[Data extracted from a collection]
..........

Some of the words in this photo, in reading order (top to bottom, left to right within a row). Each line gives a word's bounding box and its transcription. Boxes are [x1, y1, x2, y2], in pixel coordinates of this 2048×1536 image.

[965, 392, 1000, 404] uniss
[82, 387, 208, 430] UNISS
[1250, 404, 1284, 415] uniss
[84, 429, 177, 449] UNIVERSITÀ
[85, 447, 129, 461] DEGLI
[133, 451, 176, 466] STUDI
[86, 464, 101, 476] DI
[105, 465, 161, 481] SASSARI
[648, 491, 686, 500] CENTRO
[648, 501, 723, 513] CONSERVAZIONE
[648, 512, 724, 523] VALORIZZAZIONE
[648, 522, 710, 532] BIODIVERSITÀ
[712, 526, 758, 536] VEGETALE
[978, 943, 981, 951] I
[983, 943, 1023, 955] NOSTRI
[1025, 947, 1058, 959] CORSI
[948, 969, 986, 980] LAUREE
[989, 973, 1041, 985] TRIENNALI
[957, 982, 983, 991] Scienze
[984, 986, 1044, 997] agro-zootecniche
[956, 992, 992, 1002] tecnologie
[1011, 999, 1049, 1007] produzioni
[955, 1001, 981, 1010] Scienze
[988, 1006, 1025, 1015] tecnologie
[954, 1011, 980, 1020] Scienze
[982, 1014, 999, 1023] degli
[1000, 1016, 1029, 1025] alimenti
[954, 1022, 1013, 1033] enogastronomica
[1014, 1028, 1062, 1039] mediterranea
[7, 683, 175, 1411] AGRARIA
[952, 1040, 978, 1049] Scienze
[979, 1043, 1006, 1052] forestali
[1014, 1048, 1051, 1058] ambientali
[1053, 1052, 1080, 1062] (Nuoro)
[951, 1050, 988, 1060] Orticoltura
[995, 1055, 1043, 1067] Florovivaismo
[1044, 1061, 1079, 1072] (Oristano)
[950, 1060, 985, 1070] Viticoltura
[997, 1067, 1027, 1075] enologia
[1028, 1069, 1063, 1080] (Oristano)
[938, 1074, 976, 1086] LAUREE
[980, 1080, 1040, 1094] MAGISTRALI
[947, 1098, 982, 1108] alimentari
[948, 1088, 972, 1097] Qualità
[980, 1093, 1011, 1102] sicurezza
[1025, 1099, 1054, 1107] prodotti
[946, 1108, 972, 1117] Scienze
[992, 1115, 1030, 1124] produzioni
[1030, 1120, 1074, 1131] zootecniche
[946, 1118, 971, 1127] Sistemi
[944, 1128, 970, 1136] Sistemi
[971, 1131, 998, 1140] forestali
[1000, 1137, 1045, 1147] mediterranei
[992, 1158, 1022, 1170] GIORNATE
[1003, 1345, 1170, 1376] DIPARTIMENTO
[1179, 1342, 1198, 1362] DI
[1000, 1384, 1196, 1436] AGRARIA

..........

What the task requires:
How many lines of the entries contain the word "forestali"? Only the number is wanted.

Result below:
2